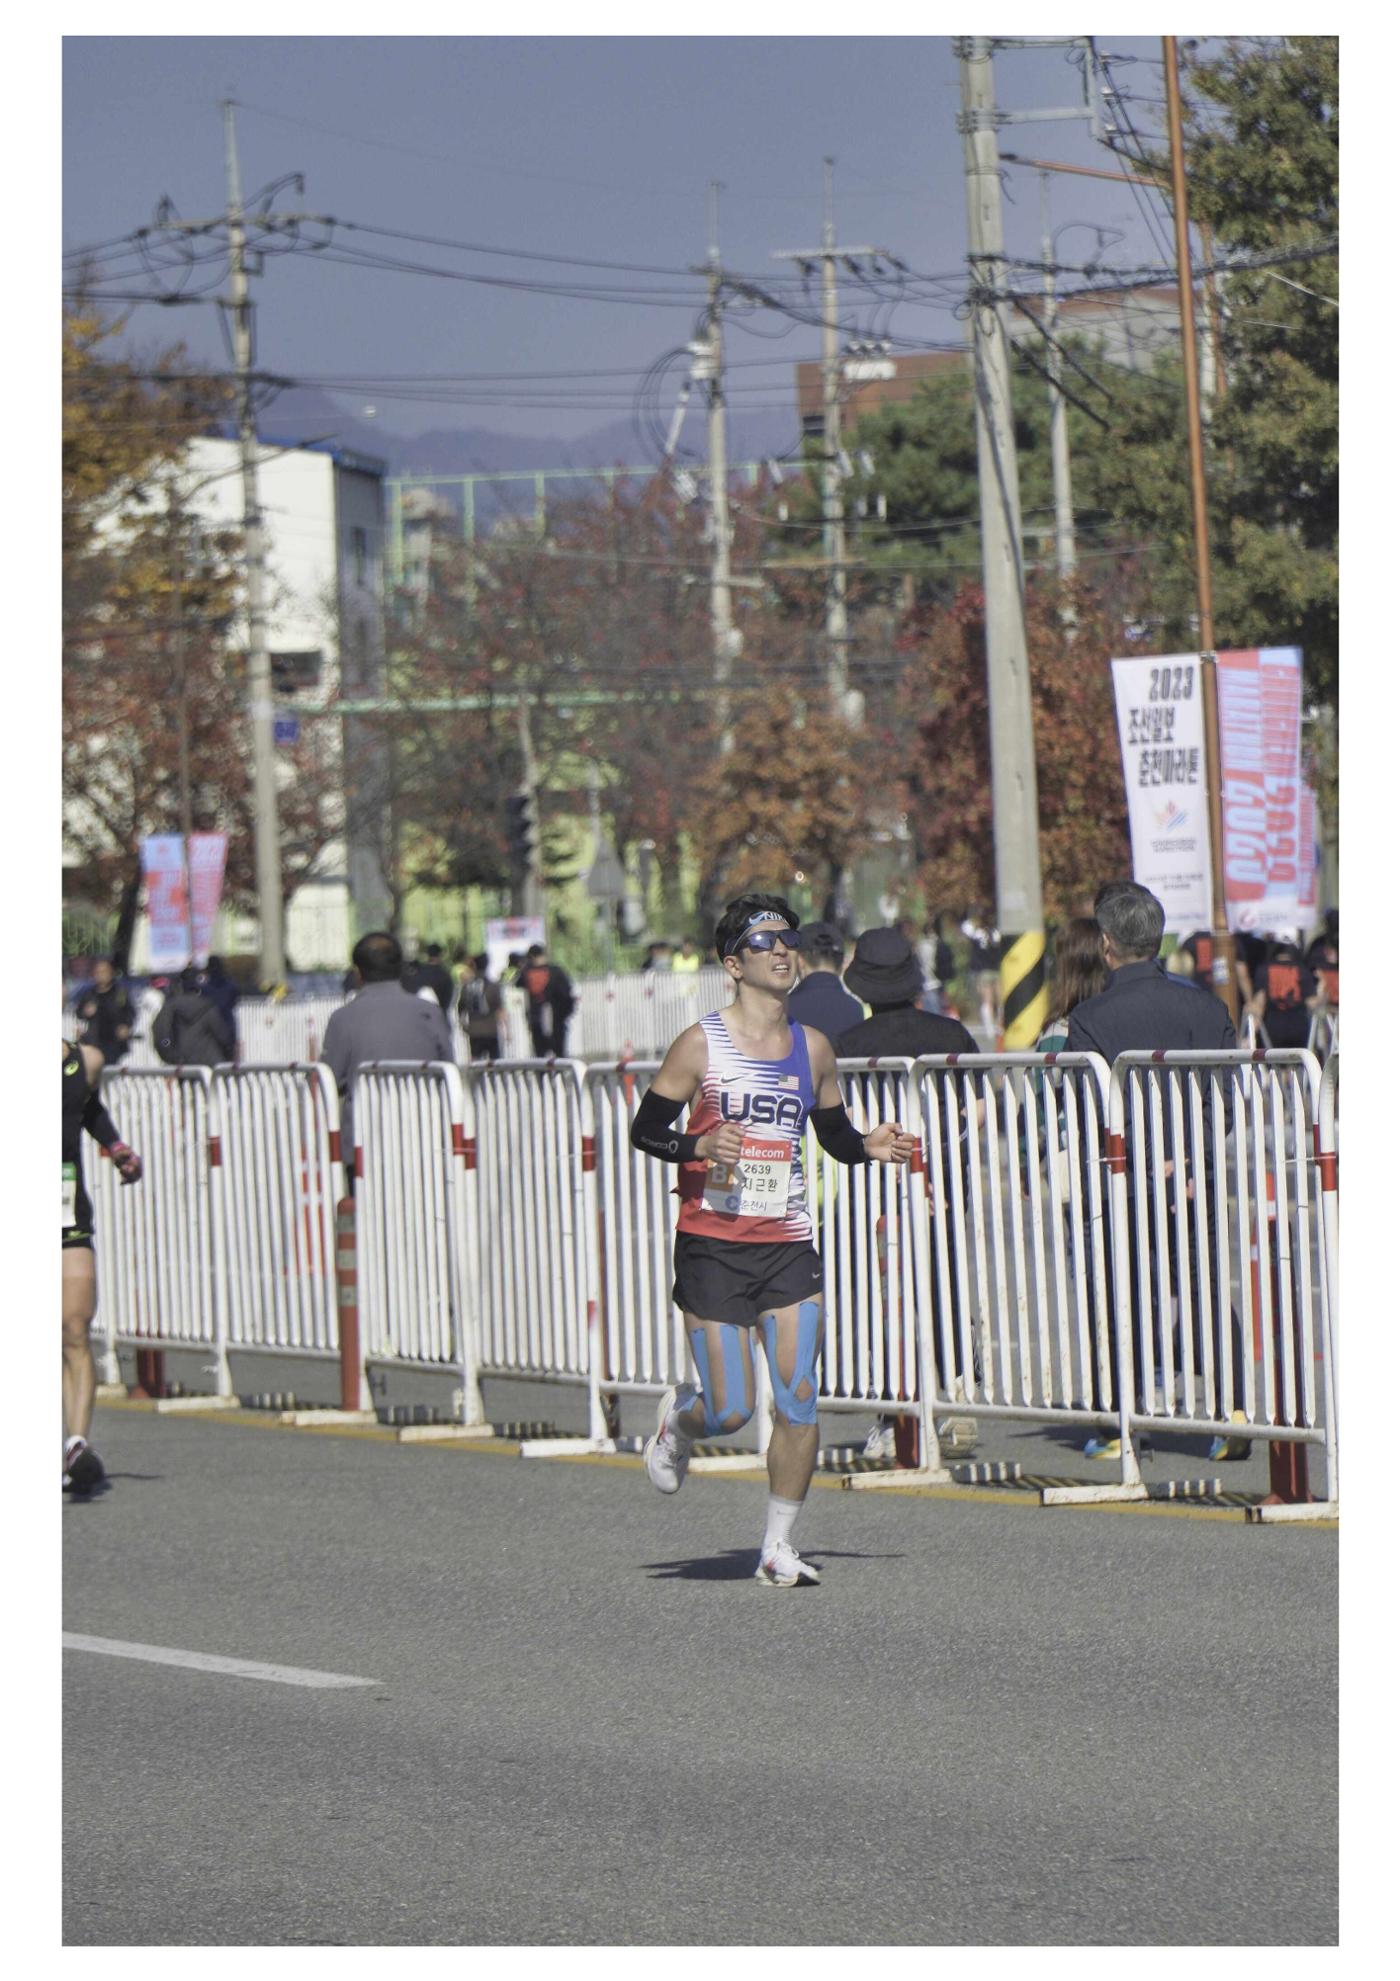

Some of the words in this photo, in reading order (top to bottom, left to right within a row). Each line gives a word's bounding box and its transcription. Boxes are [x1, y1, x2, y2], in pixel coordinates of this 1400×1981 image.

[1149, 666, 1194, 700] 2023
[1128, 706, 1175, 744] 조선일보
[1139, 747, 1199, 786] 춘천마라톤
[720, 1091, 803, 1130] USA
[741, 1145, 785, 1159] telecom
[744, 1164, 772, 1175] 2639
________________
_About this task:_ Set down the material above word for word and skip its pictures.

_Result of the exercise:_
Some of the words in this photo, in reading order (top to bottom, left to right within a row). Each line gives a word's bounding box and its transcription. Boxes are [x1, y1, x2, y2], in pixel coordinates of this 1400×1981 image.

[1149, 666, 1194, 700] 2023
[1128, 706, 1175, 744] 조선일보
[1139, 747, 1199, 786] 춘천마라톤
[720, 1091, 803, 1130] USA
[741, 1145, 785, 1159] telecom
[744, 1164, 772, 1175] 2639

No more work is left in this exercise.